Water for Elephants follows the recently orphaned Jacob Jankowski as he runs off with the Benzini Brothers Circus, discovering a sense of community and a newfound skill of caring for and training the circus’s show elephant.
“I think Jacob is one of these people who genuinely wants the best for others and wants to care for people, has this natural ability to care for people.
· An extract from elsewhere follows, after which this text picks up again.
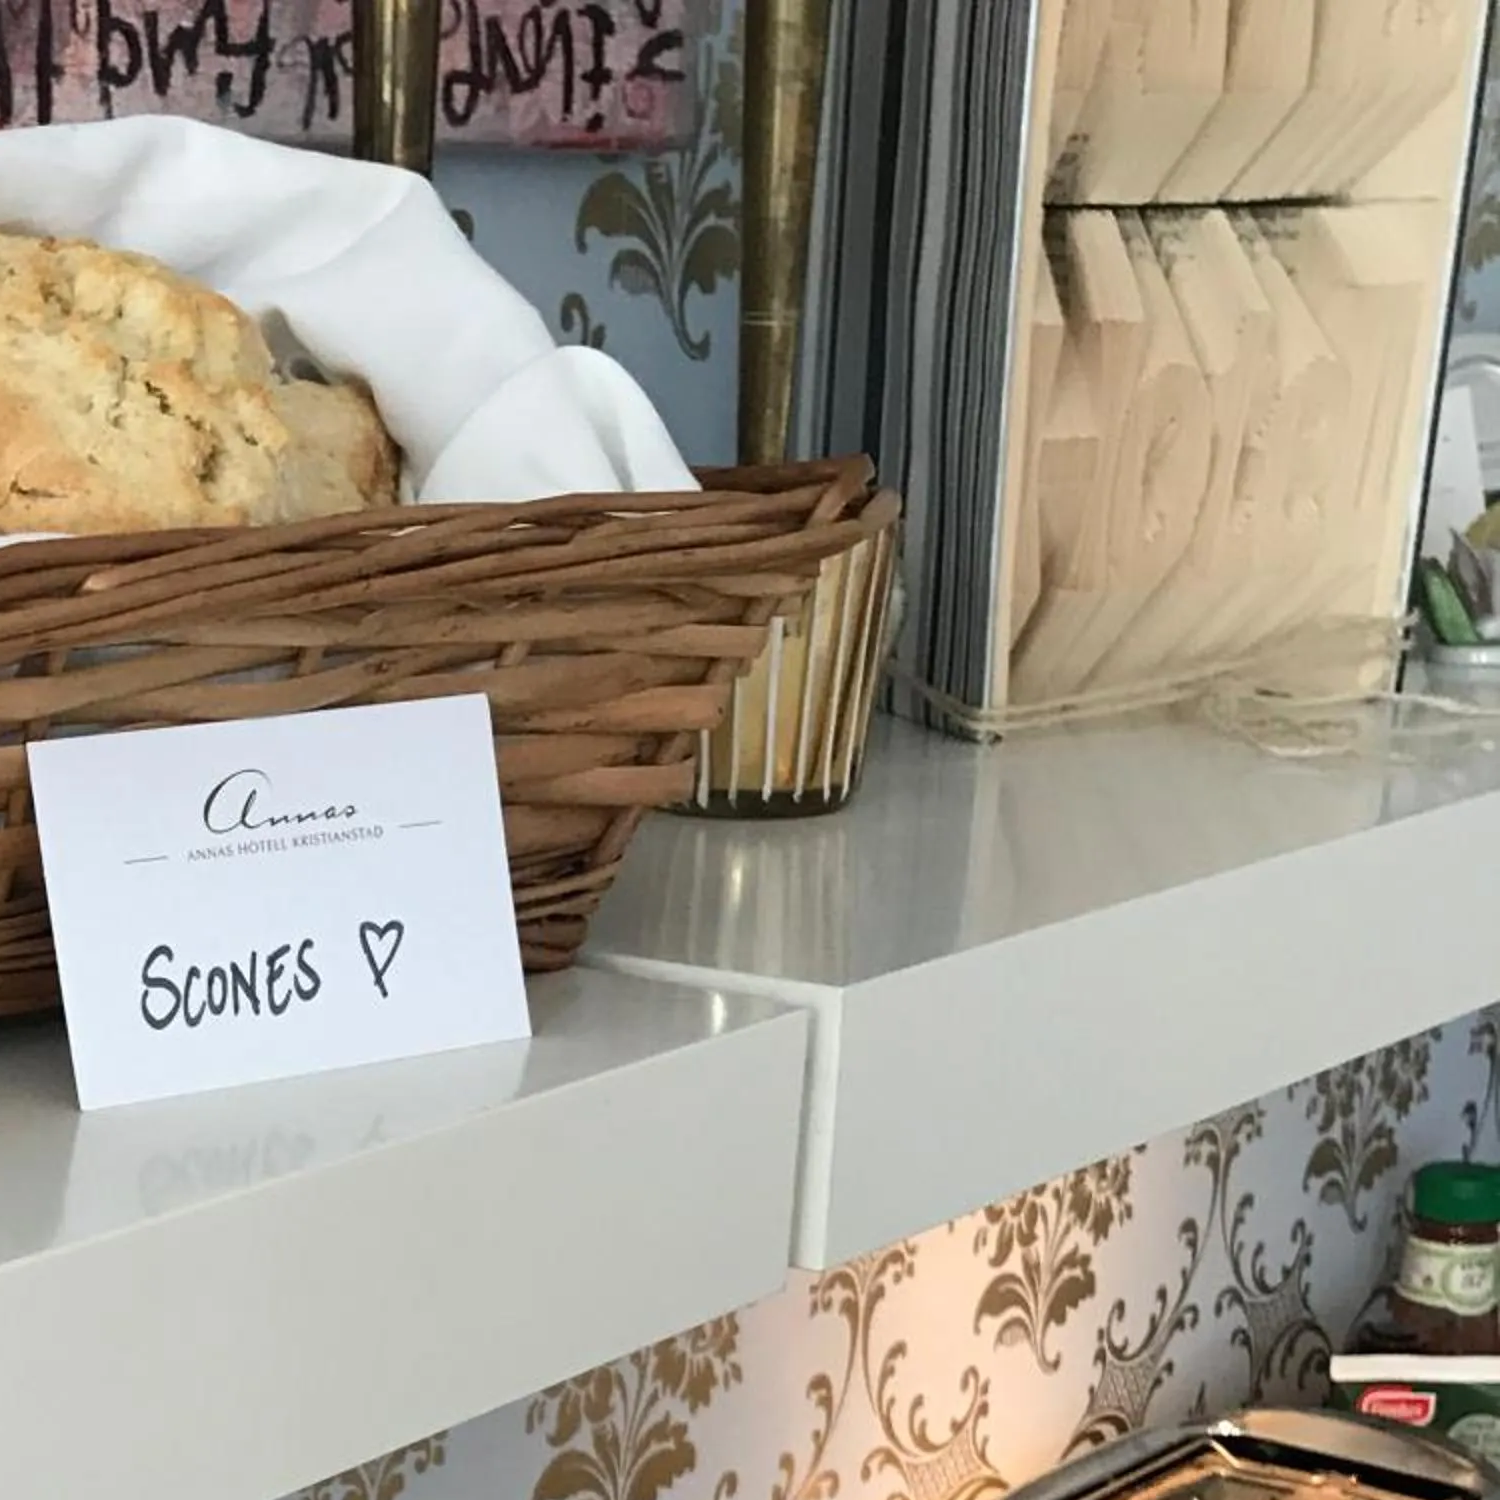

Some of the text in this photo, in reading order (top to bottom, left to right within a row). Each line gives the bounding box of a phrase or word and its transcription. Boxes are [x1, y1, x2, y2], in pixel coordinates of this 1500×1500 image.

[202, 767, 357, 835] Annas
[186, 824, 385, 863] ANNAS HOTELL KRISTIANSTAD
[140, 938, 322, 1031] SCONES
So there’s something really wonderful about stepping into a brand-new company of people playing a role like that because, a) that’s just what Broadway is, it’s these casts taking care of each other at every turn, and b) it’s a gentle reminder to try to be that person in the world.”
The rehearsal schedule was new for Selig, as it’s his first time replacing a lead role in a company that has been performing it nightly for months. “It comes with a whole different territory just based on there’s really no way to put you in that situation until you are in that situation.” He describes the process as fast and furious, but was grateful to have the show’s leader, director Jessica Stone, by his side throughout.
“Jessica Stone made a point of being there for many of my rehearsals, which is, in my experience, just sort of rare, especially knowing that she is also mounting the Kimberly Akimbo tour at the same time. So she would show up for run-throughs downtown and then come over to the Imperial [Theatre] to check in with me. She was just very generous with her time and really allowed for, even though it was fast and furious, some aspect of process and discovery with what could be new about this.”
Also new to Selig this time around on Broadway is married life. He married Henningsen in 2022. They met while performing in Mean Girls, and both made the move back to New York as Selig began this job and ahead of a new TV job for her.
“This eight-show-a-week thing we’ve been out of for a while. And it’s not just that I’m no longer 22, and I don’t bend the way I used to. It’s also: Your life gets bigger the older you get. You collect more things. I have a wife now, I have a dog and now, I have to fit all of that into this eight-show-a-week schedule, and I don’t want to miss any of that. So it’s becomes this big juggling situation.”
Henningsen was there to cheer him on for his opening night, and Selig says she has been supportive throughout, “upping the slack where I could not, which is great because soon I’ll be the one picking up the slack. She’s working on a TV show, so I’m getting my feet, then I’ll go back to being the supportive partner.”
Jumping in alongside a company of theater veterans, including Isabelle McCalla, Gregg Edelman, and Paul Alexander Nolan, Selig couldn’t be more complimentary of the environment he has entered. “There’s something funny that happens with these Broadway shows sometimes, six months, eight months in. It’s not that you take your eye off the ball, but the Tonys are over, people have seen the show, you start to relax, you start to set into a groove. And because this show is so dangerous and there’s so much circus element to it, no one has taken their eye off the ball in any way. It is just as fresh, it is just as new, and just as committed as it was on opening night.”
As new audiences continue to come to Water for Elephants, Selig is excited for them to experience the community of the show. “I just want them to see this funny, adorable, cute little company that the show has brought together. It really is this huge Venn diagram of so many different art forms and styles and worlds. It’s something that I think is so worth seeing, because it’s different.”